Canada’s central bank’s rate announcement was brief, but had a lot of details for investors to unpack. Bank of Canada (BoC) announced they would be making no changes to rates at this time, as widely expected. Two details did stand out though – housing, and quantitative ease (QE). The central bank is surprised by housing strength, and separately said they would attempt to control yields with QE. While the two points were made separately, the public may perceive the latter as adding fuel to the former.
Not Today – No Changes To Policy Announced
The BoC announced they won’t be making any policy changes today, as widely expected by analysts. The overnight rate remains at the effective lower bound of 0.25%, as does the deposit rate. The bank rate is also still 0.50%. The only indicator that had a slight chance of moving was QE, and it was slim. The central bank announced they would continue with the program at $4 billion per week.
Housing and Economy Doing Better Than Expected
The BoC’s comments on housing were highly anticipated, but notably brief. They only mentioned housing once, saying “housing market activity has been much stronger than expected.”

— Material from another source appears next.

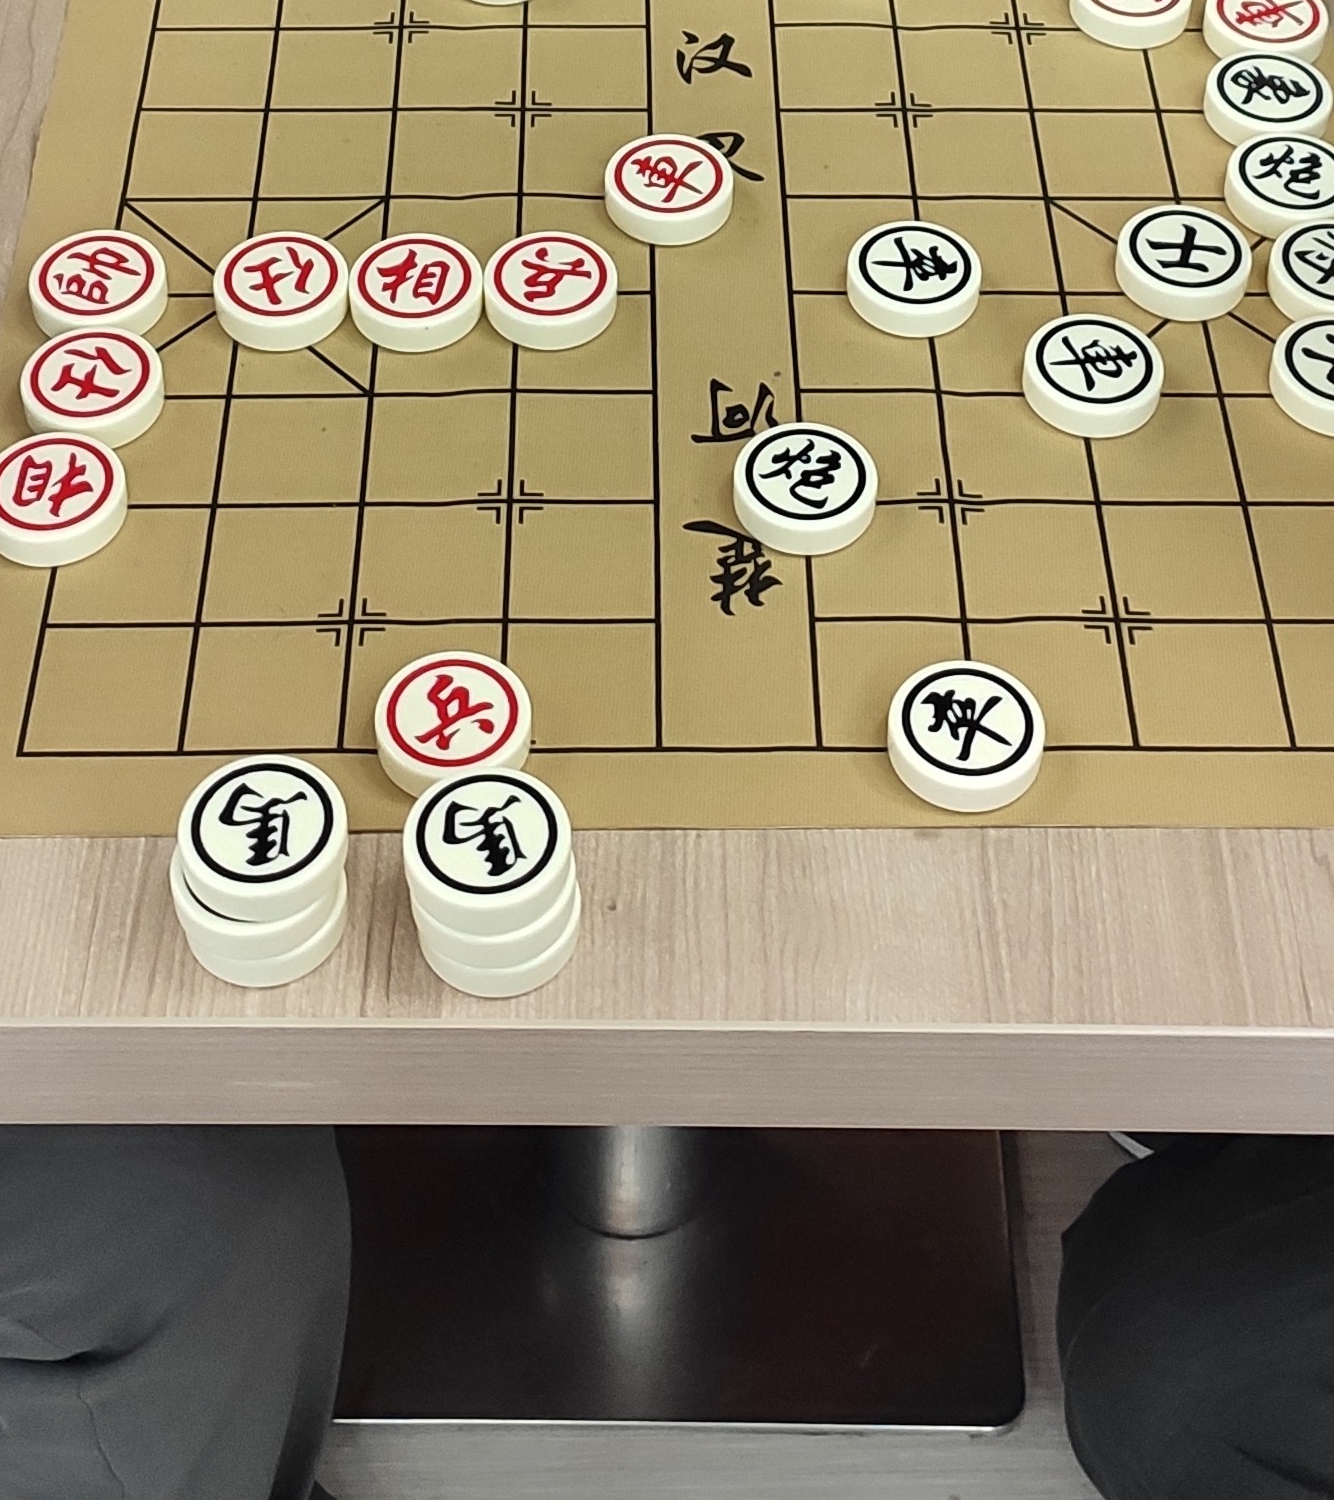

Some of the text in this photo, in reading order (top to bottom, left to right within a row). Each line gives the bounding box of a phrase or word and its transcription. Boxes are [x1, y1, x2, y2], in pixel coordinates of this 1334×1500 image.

The economy also surprised the central bank. They said, “the economy is proving to be more resilient than anticipated to the second wave of the virus and the associated containment measures.”
Even with the better than expected environment, they see “considerable economic slack.” The term means underutilized resources. In this situation, they were largely referencing elevated unemployment levels. He reiterated policy would remain loose until this slack has been absorbed.
The slack will be considered absorbed when employment has improved, and “the 2 percent inflation target is sustainably achieved.” Inflation has an acceptable operating band of 1 to 3 percent, and the BoC is observing it at the bottom of this band. They see it rising “temporarily” to the top of the band over the next few months.
Extra emphasis on temporarily. The central bank has already said a boost to inflation will be due to base effect. It expects inflation to settle at a lower lever after the comparison period smoothes, before hitting the ideal target. The BoC doesn’t see that occurring until at least 2022.
QE Will Be Used To Try And Keep Rates Low
Circling back to those QE purchases, the governor stated they would maintain the level “to reinforce this commitment and keep interest rates low across the yield curve.” Adding, “the Bank will continue its QE program until the recovery is well underway.”
The BoC’s message today may already be stale in the fast moving economy. The forecast with 2022 as the year of recovery is from January. RBC had stated they see revisions to this forecast, as the economy outperforms.
No changes were expected today, but the RBC economist said they’re watching bonds in April. If they see a reduction in QE then, it would be considered a sign of tightening “overly loose” monetary policy. That confirmation of the economy outperforming may lead to a hike in rates sooner than 2022.